→ **Task objective**:
Output every entry below exactly, without its pictures.

((

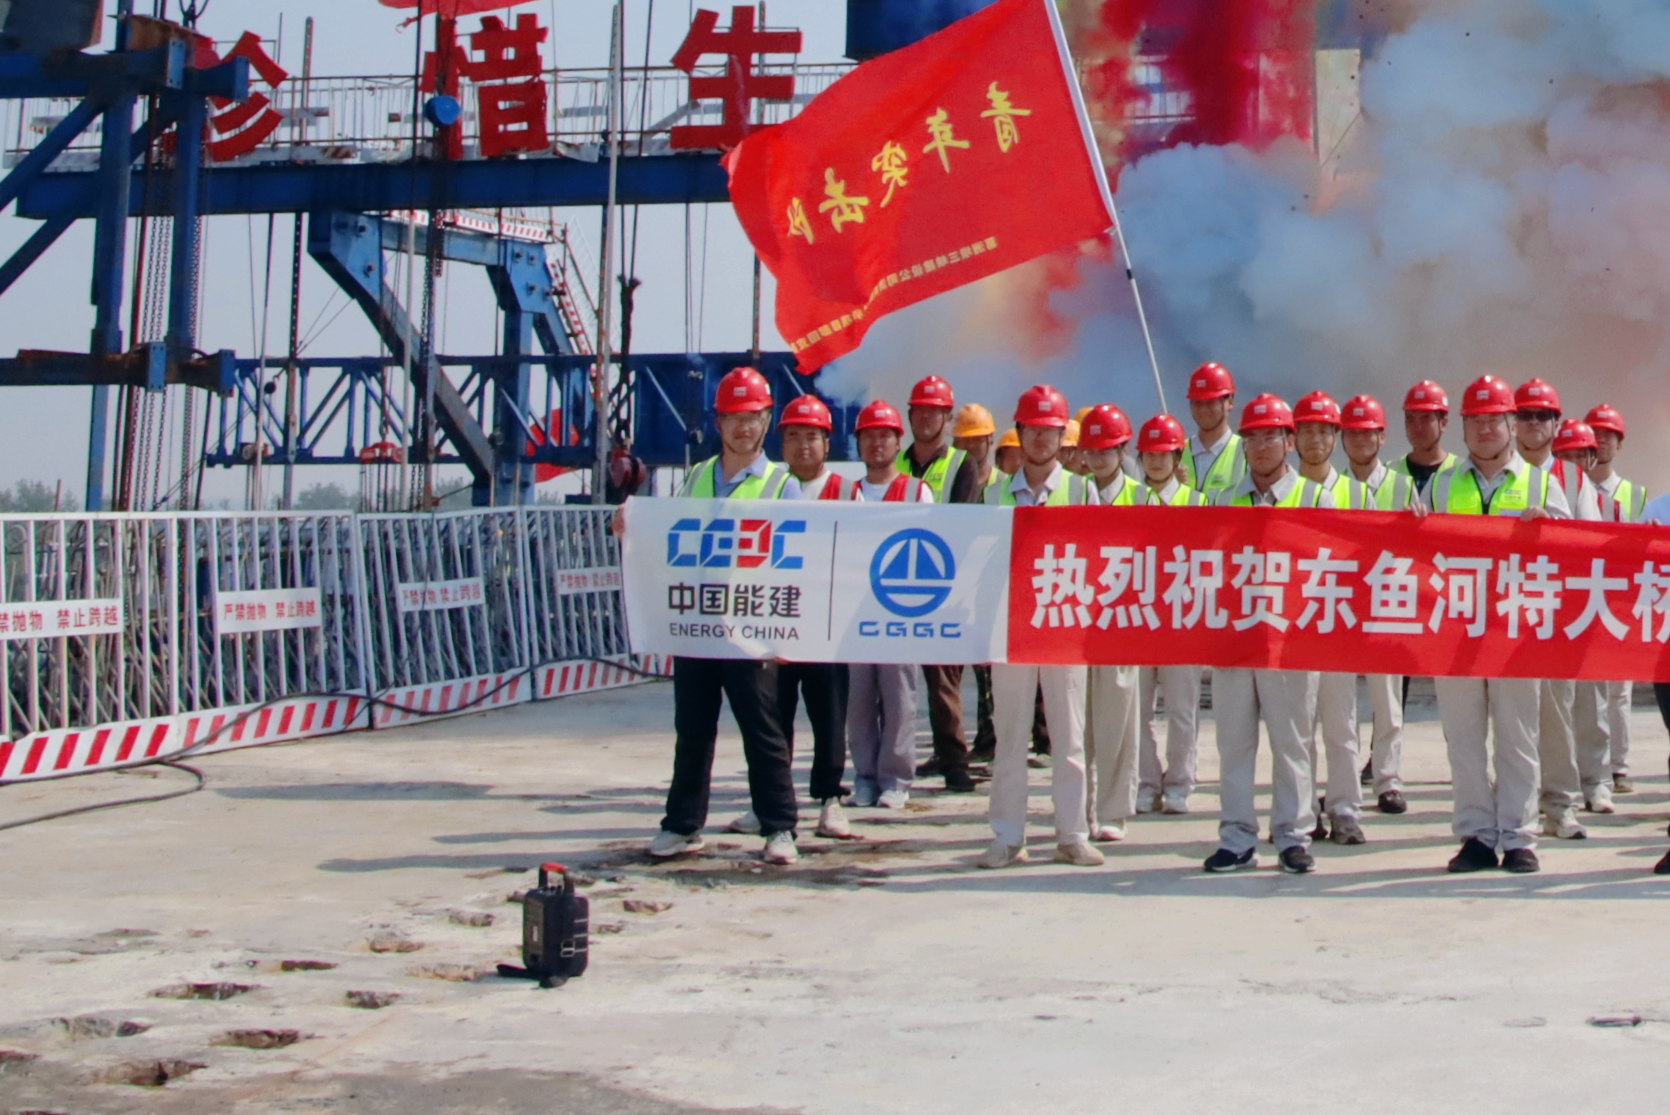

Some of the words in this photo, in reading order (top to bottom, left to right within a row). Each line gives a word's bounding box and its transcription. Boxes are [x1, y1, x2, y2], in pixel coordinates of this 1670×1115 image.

[223, 602, 267, 621] 严禁抛物
[275, 599, 317, 619] 禁止跨越
[668, 583, 802, 619] 中国能建
[57, 605, 119, 630] 禁止跨越
[669, 622, 736, 639] ENERGY
[741, 625, 800, 641] CHINA
[858, 620, 962, 639] CGGC
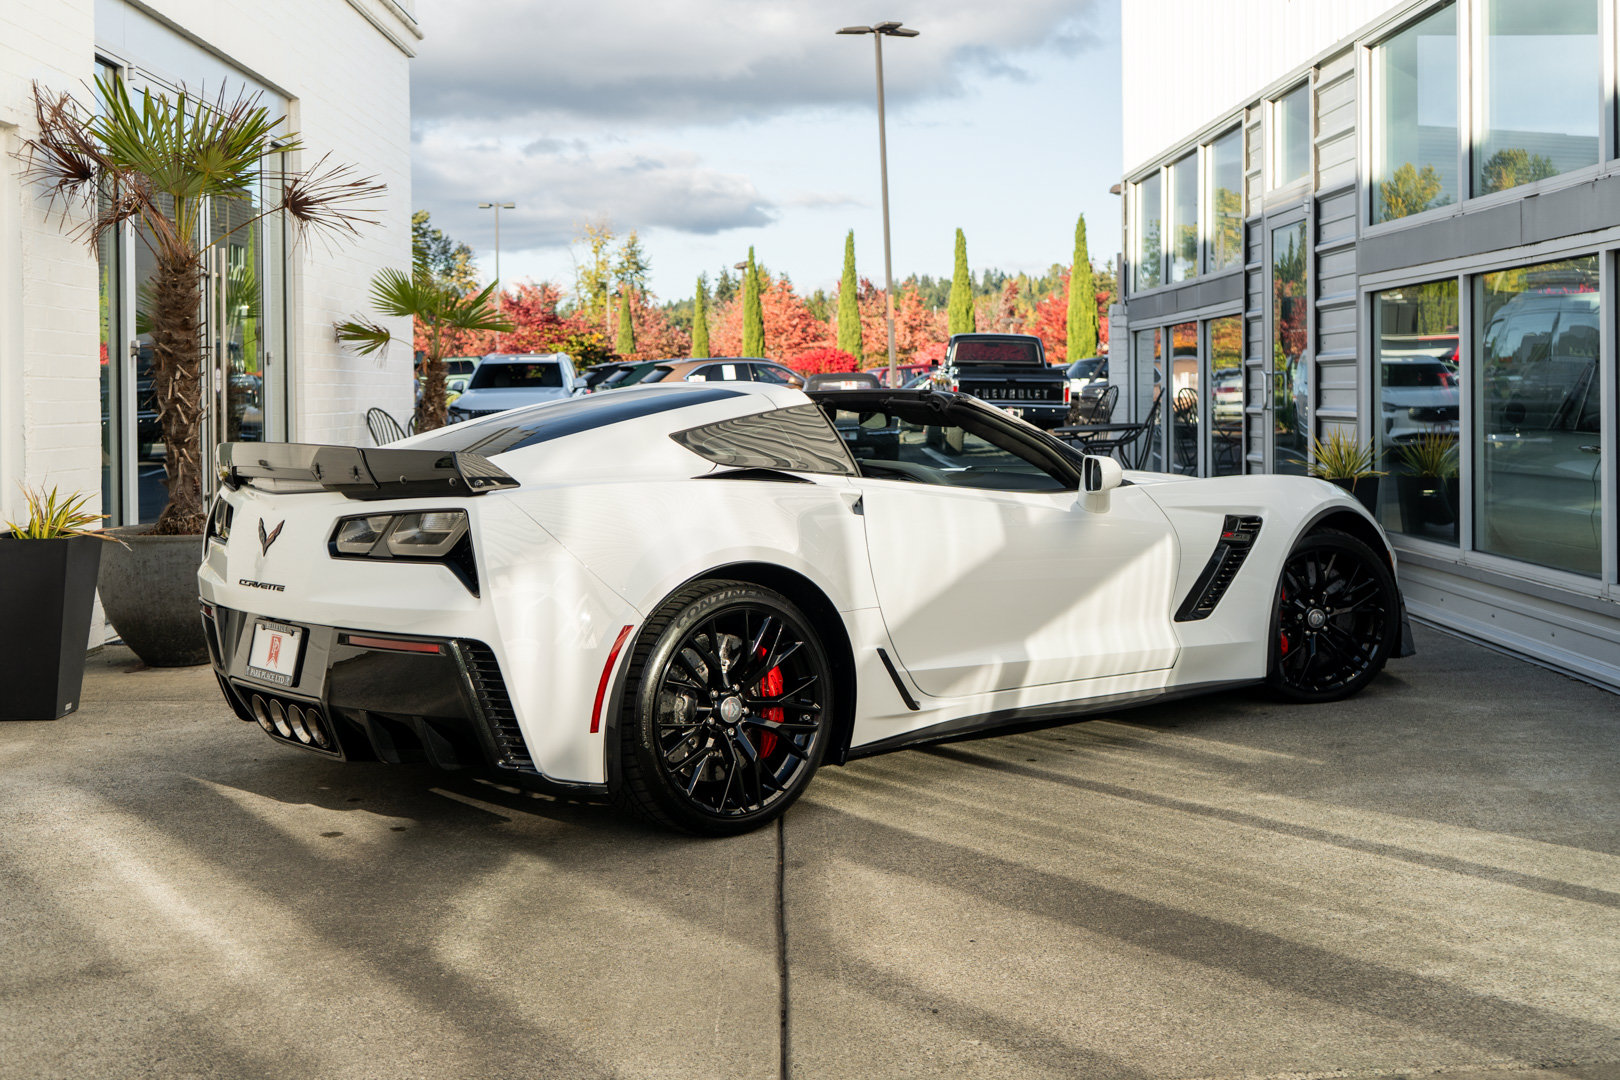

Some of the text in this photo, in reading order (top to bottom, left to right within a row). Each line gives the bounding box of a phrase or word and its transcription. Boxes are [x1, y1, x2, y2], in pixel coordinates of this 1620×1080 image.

[973, 388, 1049, 399] CHEVROLET
[239, 579, 286, 592] CORVETTE
[249, 667, 262, 679] PARK
[261, 671, 275, 682] PLACE

))

→ **Written answer**:
Some of the words in this photo, in reading order (top to bottom, left to right within a row). Each line gives a word's bounding box and its transcription. Boxes are [x1, y1, x2, y2], in pixel coordinates of this 1670×1115 image.

[223, 602, 267, 621] 严禁抛物
[275, 599, 317, 619] 禁止跨越
[668, 583, 802, 619] 中国能建
[57, 605, 119, 630] 禁止跨越
[669, 622, 736, 639] ENERGY
[741, 625, 800, 641] CHINA
[858, 620, 962, 639] CGGC

Some of the text in this photo, in reading order (top to bottom, left to right within a row). Each line gives the bounding box of a phrase or word and its transcription. Boxes are [x1, y1, x2, y2], in pixel coordinates of this 1620×1080 image.

[973, 388, 1049, 399] CHEVROLET
[239, 579, 286, 592] CORVETTE
[249, 667, 262, 679] PARK
[261, 671, 275, 682] PLACE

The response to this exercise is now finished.